- Exercise directions: Everything in the records below must be repeated exactly, except the pictures.

- Supplied data:
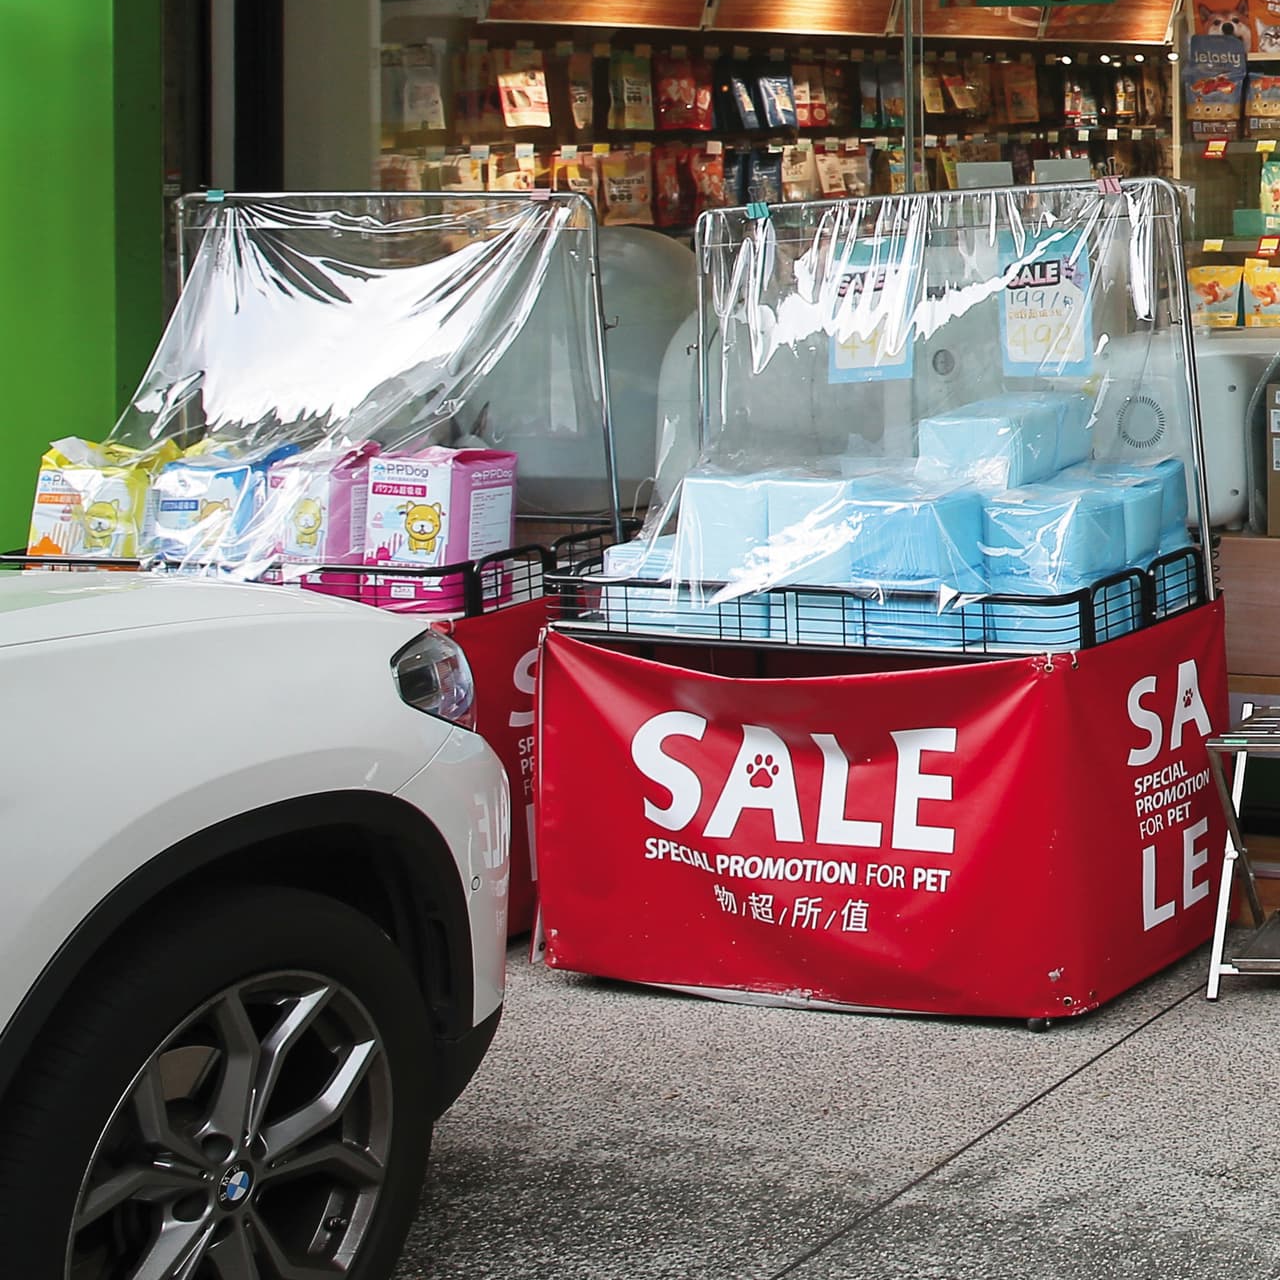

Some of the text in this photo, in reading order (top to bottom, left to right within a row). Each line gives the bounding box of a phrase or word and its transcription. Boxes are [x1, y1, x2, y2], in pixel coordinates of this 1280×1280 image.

[631, 710, 957, 854] SALE
[1133, 761, 1189, 795] SPECIAL
[1135, 767, 1211, 817] PROMOTION
[1139, 802, 1193, 840] FOR PET
[644, 837, 951, 893] SPECIAL PROMOTION FOR PET
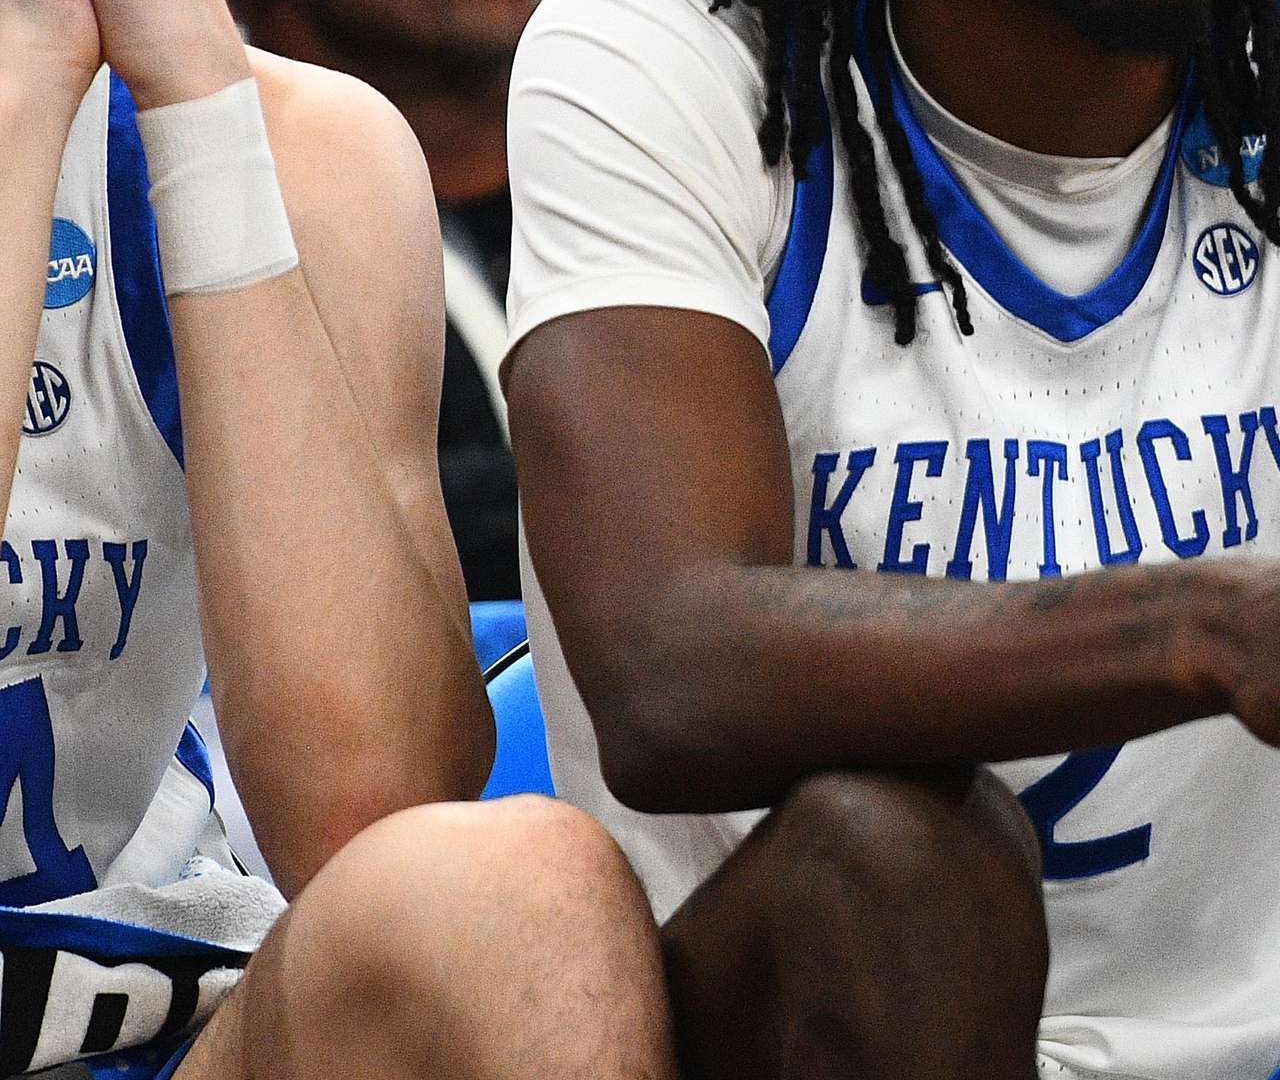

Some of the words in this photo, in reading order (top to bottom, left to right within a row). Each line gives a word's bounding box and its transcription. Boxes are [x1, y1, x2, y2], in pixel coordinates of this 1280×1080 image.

[47, 253, 94, 282] CAA
[1195, 227, 1256, 293] SEC
[23, 366, 67, 429] EC

- Problem solution:
Some of the text in this photo, in reading order (top to bottom, left to right within a row). Each line gives the bounding box of a phrase or word and its transcription. Boxes are [x1, y1, x2, y2], in pixel coordinates of this 1280×1280 image.

[631, 710, 957, 854] SALE
[1133, 761, 1189, 795] SPECIAL
[1135, 767, 1211, 817] PROMOTION
[1139, 802, 1193, 840] FOR PET
[644, 837, 951, 893] SPECIAL PROMOTION FOR PET

Some of the words in this photo, in reading order (top to bottom, left to right within a row). Each line gives a word's bounding box and its transcription. Boxes are [x1, y1, x2, y2], in pixel coordinates of this 1280×1080 image.

[47, 253, 94, 282] CAA
[1195, 227, 1256, 293] SEC
[23, 366, 67, 429] EC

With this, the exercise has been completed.